Una vez vio entrar al convento a Malthus sano y salvo, Roberto tuvo que quedarse en su apartamento en la ciudad. No tenía pensado dejar a Malthus solo, y tampoco valía la pena volver a Santana dos Ferros para volver a la mañana siguiente, ya era casi de madrugada.

Finalmente, la mañana llego, asomándose por la ventana del cuarto de Roberto después de unas pocas horas de sueño. Era pronto, muy pronto, pero a Roberto no le importó. Llamo a Aramel para que este avisara a la madre de Malthus que se encontraba bien y que estaba en el convento. No le quedaban fuerzas para inventarse una excusa para escudar a su amigo, pero al menos su madre estaría más tranquila.

Roberto se acercó a la entrada de la pequeña habitación de Malthus. A pesar de que la ventana con barrotes que agujeraba la puerta era lo suficientemente grande como para dejar  a Malthus sin privacidad, Roberto llamo mientras apartaba la mirada para respetar a su amigo.

"Pasa" Malthus respondió a los pocos segundos. Los rayos del sol de la mañana habían calentado el cuarto llenándolo de una luz atrayente y alegre, lo que contrastaba con el estado de Roberto. Este, al entrar, vio a Malthus sonriente, ya de pie en la habitación, con las manos recogidas por delante. "¿Cómo estás, Malthus?", el tono de Roberto era precavido mientras daba un par de pasos lentos para acercarse más a su amigo. El joven Santo parecía relucir con la misma luz que el barniz que cubría el cristo colgando en la pared detrás del él. Sin embargo, a los tres pasos, Roberto ya se encontraba lo suficientemente cerca para ver las bolsas oscuras debajo de los ojos rojos e hinchados de Malthus. Su nariz también se veía ligeramente colorada e irritada.

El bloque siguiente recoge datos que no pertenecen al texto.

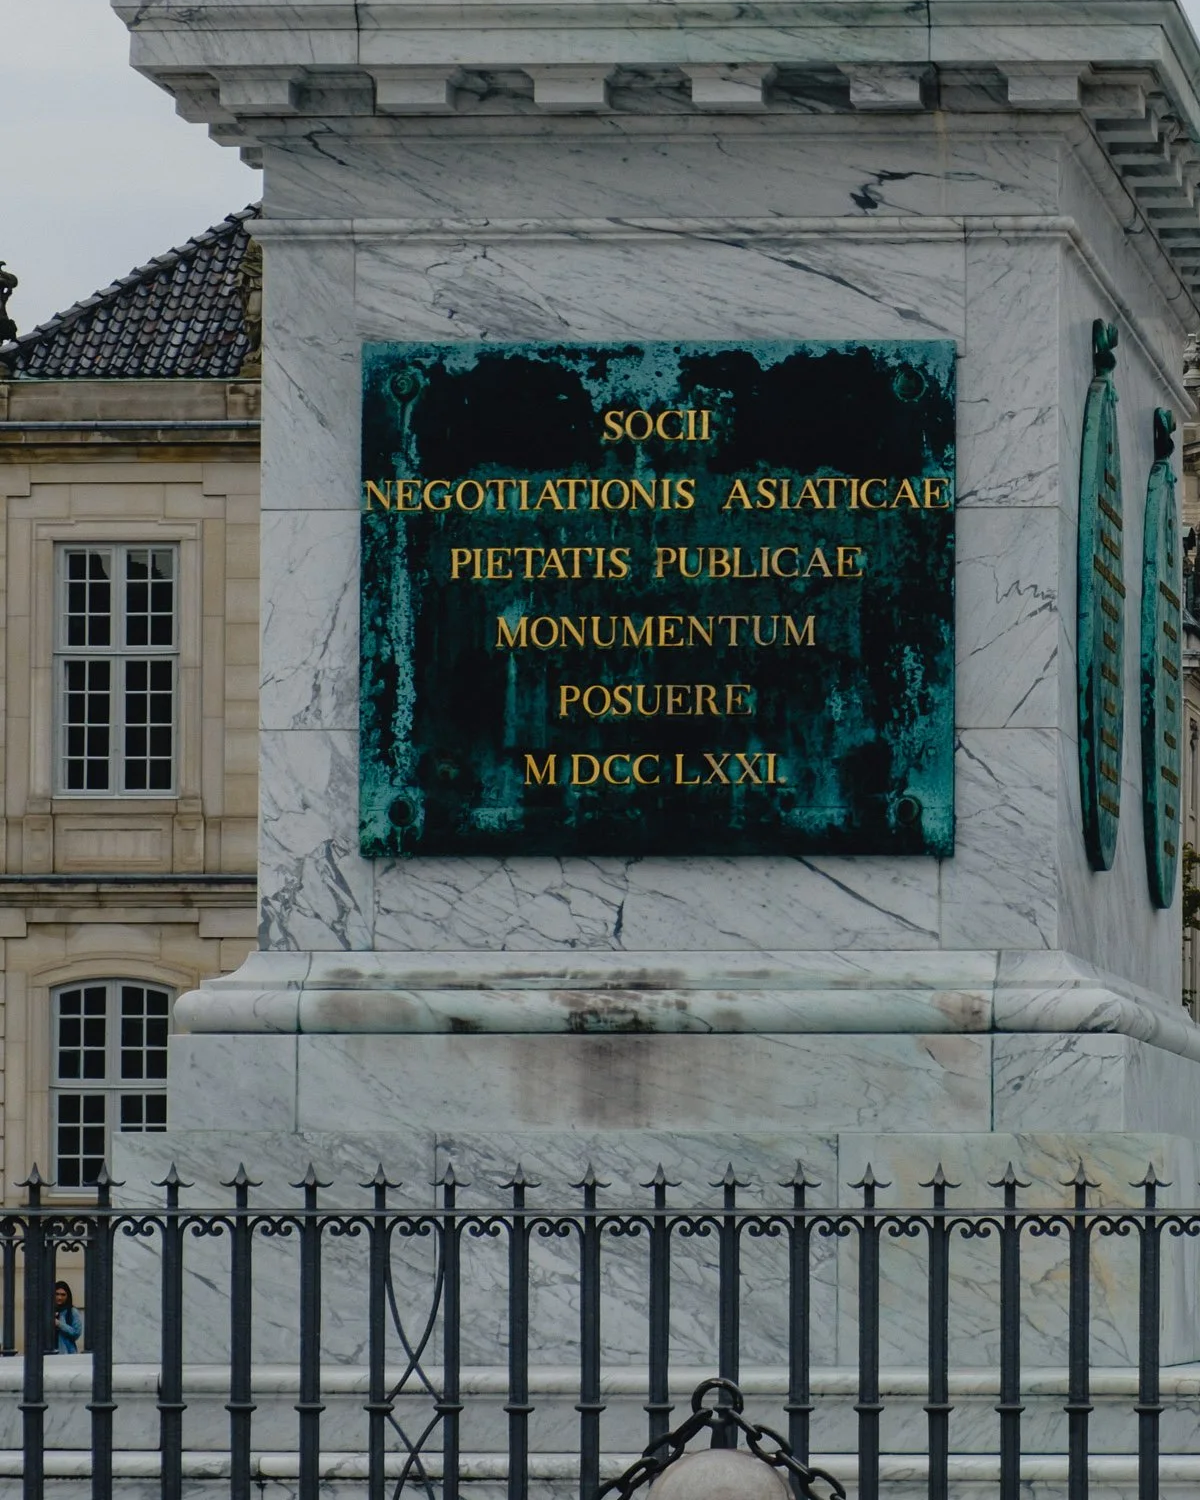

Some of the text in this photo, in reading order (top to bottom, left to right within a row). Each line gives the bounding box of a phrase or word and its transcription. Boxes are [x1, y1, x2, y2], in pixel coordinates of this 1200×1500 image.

[603, 410, 711, 440] SOCII
[365, 478, 950, 511] NEGOTIATIONIS ASIATICAE
[450, 547, 863, 579] PIETATIS PUBLICAE
[495, 616, 816, 648] MONUMENTUM
[559, 684, 752, 716] POSUERE
[524, 754, 556, 784] M
[571, 754, 660, 785] DCC
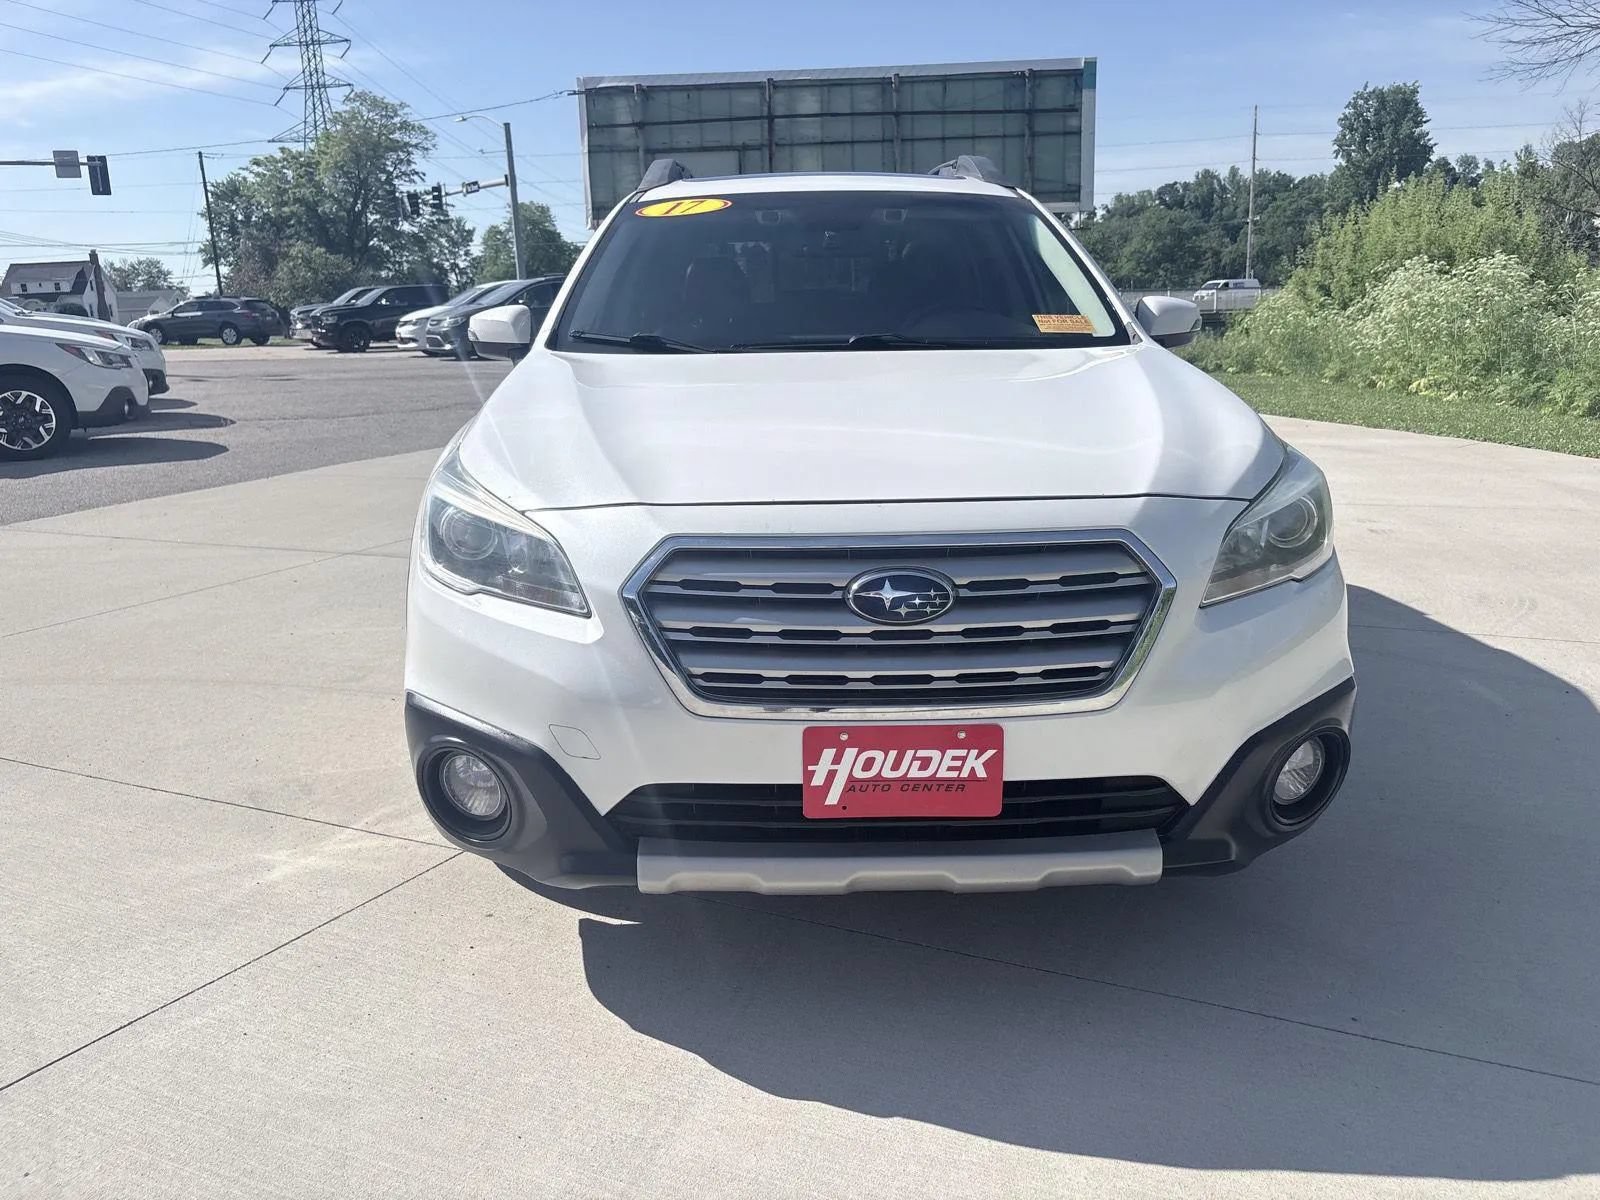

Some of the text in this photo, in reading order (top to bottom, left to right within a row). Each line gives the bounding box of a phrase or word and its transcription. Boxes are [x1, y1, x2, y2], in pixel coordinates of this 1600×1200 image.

[663, 199, 706, 215] 17
[808, 747, 999, 806] HOUDEK
[846, 782, 966, 793] AUTO CENTER

"¡Muy bien!, he aprovechado la mañana para limpiar mi cuarto y ahora iba a leer un poco, ¿cómo estás tú?" El tono de Malthus era extrañamente energético "demasiado energético" pensaba Roberto mientras miraba como su amigo, con una sonrisa tiesa en su rostro, empezaba a retirar las sabanas del colchón, no lo suficientemente rápido como para que Roberto no pudiera ver la mancha de sudor en ellas.

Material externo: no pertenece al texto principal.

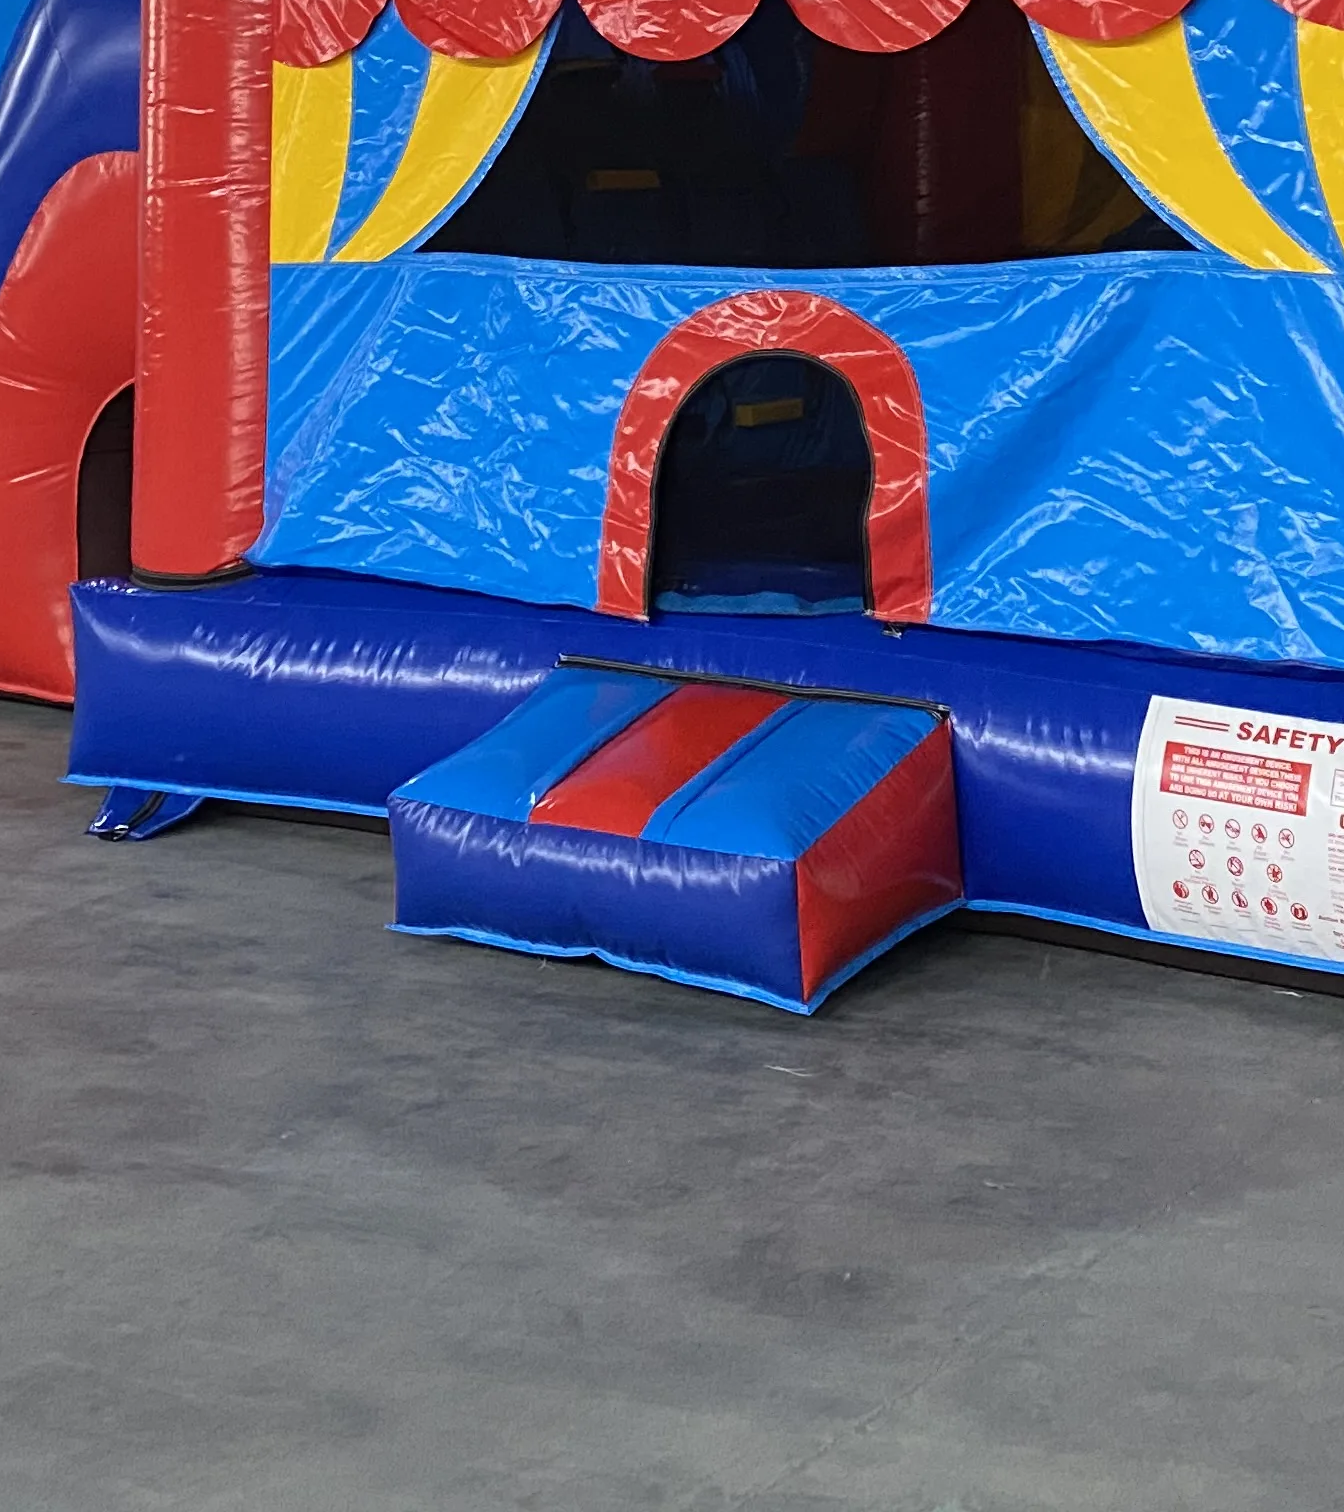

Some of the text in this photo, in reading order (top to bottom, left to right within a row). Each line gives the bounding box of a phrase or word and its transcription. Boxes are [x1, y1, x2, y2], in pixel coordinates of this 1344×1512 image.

[1237, 721, 1344, 754] SAFETY
[1190, 756, 1204, 766] ALL
[1217, 790, 1229, 800] AT
[1229, 792, 1254, 805] YOUR
[1253, 796, 1274, 808] OWN

"Bien, bien, estoy bien" Dijo Roberto sin mostrar intención en sus palabras, ya que ni siquiera sabía lo que respondía. La confusión que le causaba el comportamiento de su amigo lo estaba dejando demasiado estupefacto.

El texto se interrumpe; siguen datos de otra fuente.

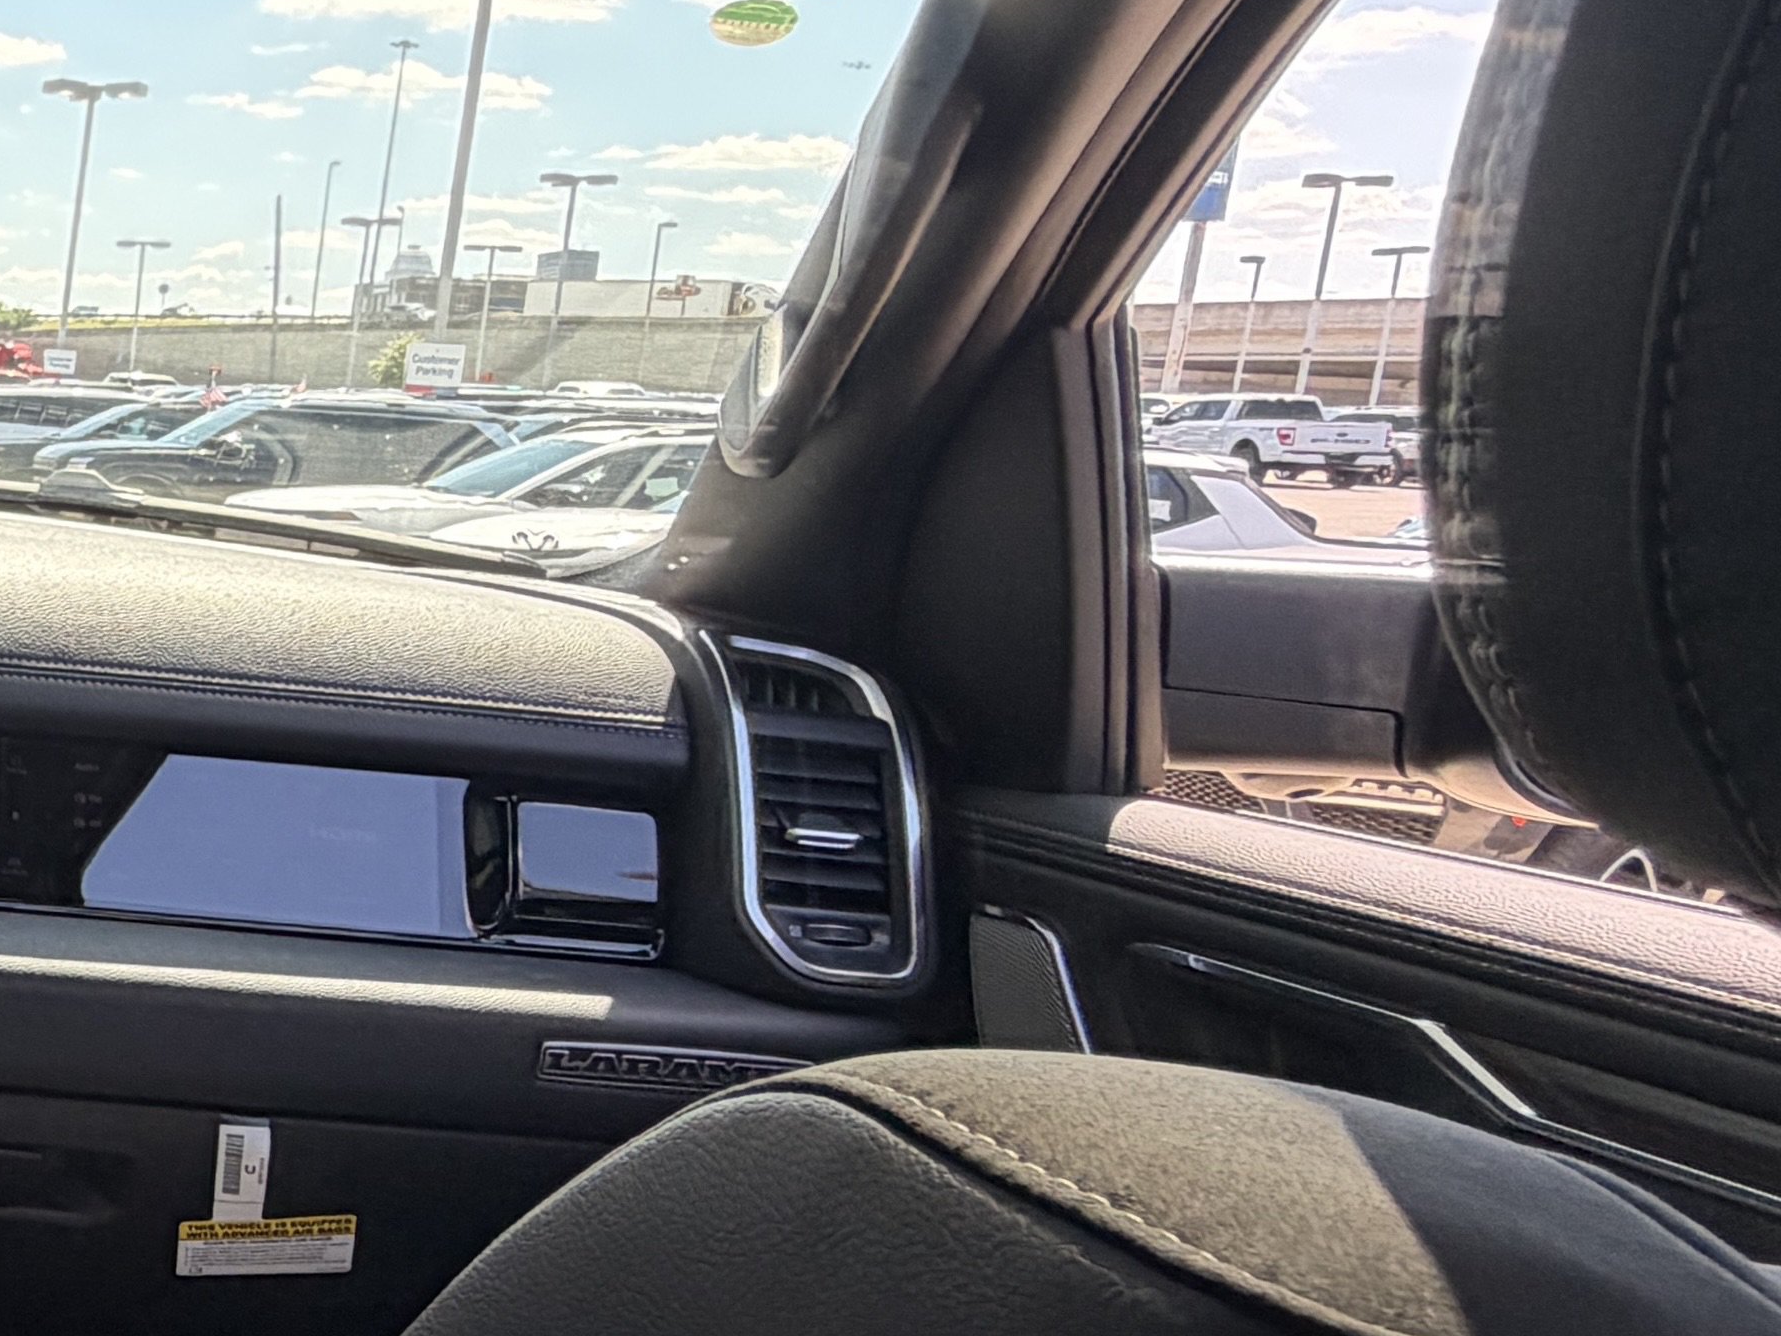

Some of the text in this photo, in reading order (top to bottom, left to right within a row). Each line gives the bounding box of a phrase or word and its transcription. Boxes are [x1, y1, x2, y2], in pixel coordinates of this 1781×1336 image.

[411, 354, 461, 365] Customer
[415, 365, 454, 379] Parking
[544, 1048, 787, 1085] LARAM
[219, 1221, 271, 1230] VEHICLE
[187, 1231, 219, 1240] WITH
[222, 1228, 290, 1239] ADVANCED

"Perdona, tengo que ir a limpiar esto, vuelvo enseguida" pero antes de que Malthus pudiera salir de la habitación con las sabanas hechas un batiburrillo, Roberto lo agarro con suavidad del brazo "Malthus, tenemos que hablar". La voz y los ojos escondidos detrás del reflejo de las gafas de Roberto mostraban una seriedad que hacía barruntar a Malthus. Por unos instantes el rostro del Santo tomo la forma de uno de los muchos iconos angustiados que habitaban el convento. Todos compartían esas miradas de cordero degollado y bocas entreabiertas. Sin embargo, Malthus no dejaría que Roberto lo descubriera.

"Claro, dime ¿Ocurre algo?" La sonrisa de Malthus volvió. Se sentó sobre la cama ahora desnuda en la que caía el velo del sol, aumentando la blancura de su túnica. Realmente parecería un Santo como los de las estatuas bañadas en pan de oro que decoraban las iglesias. Su expresión afable junto a sus ojos llorosos y cansados lo hacían parecerse todavía más a un mártir. La respuesta aparentemente tan ingenua del joven dejaban a su amigo sin palabras, las cosas no estaban sucediendo como él había previsto.

"Bueno" Roberto demoro brevemente "para empezar, tienes que ayudarme a pensar en algo que decirle a tu madre, debe de estar preguntándose por qué no fuiste ayer a casa" Los hilos que sujetaban la sonrisa de Malthus perdieron tensión y sus labios cayeron rápidamente con solo escuchar nombrar a su madre.

Roberto continuo "También quería pedirte perdón, cuando empezaste a llorar me di cuenta de lo egoísta que había sido, yo..."

"No fue nada, no tienes que disculparte y tampoco lloré tanto" el carácter angustioso de Malthus había vuelto a apoderarse de su cuerpo, haciendo que Roberto lo reconociera más. El Santo se levantó y empezó a caminar de un lado a otro con ansias "Solo tuve un mal día, y tú solo querías pasártelo bien, no hay mucho más que hablar" las manos de Malthus volvieron a estar recogidas, pero esta vez era porque empezó a arrancarse nerviosamente las pieles que rodeaban las uñas.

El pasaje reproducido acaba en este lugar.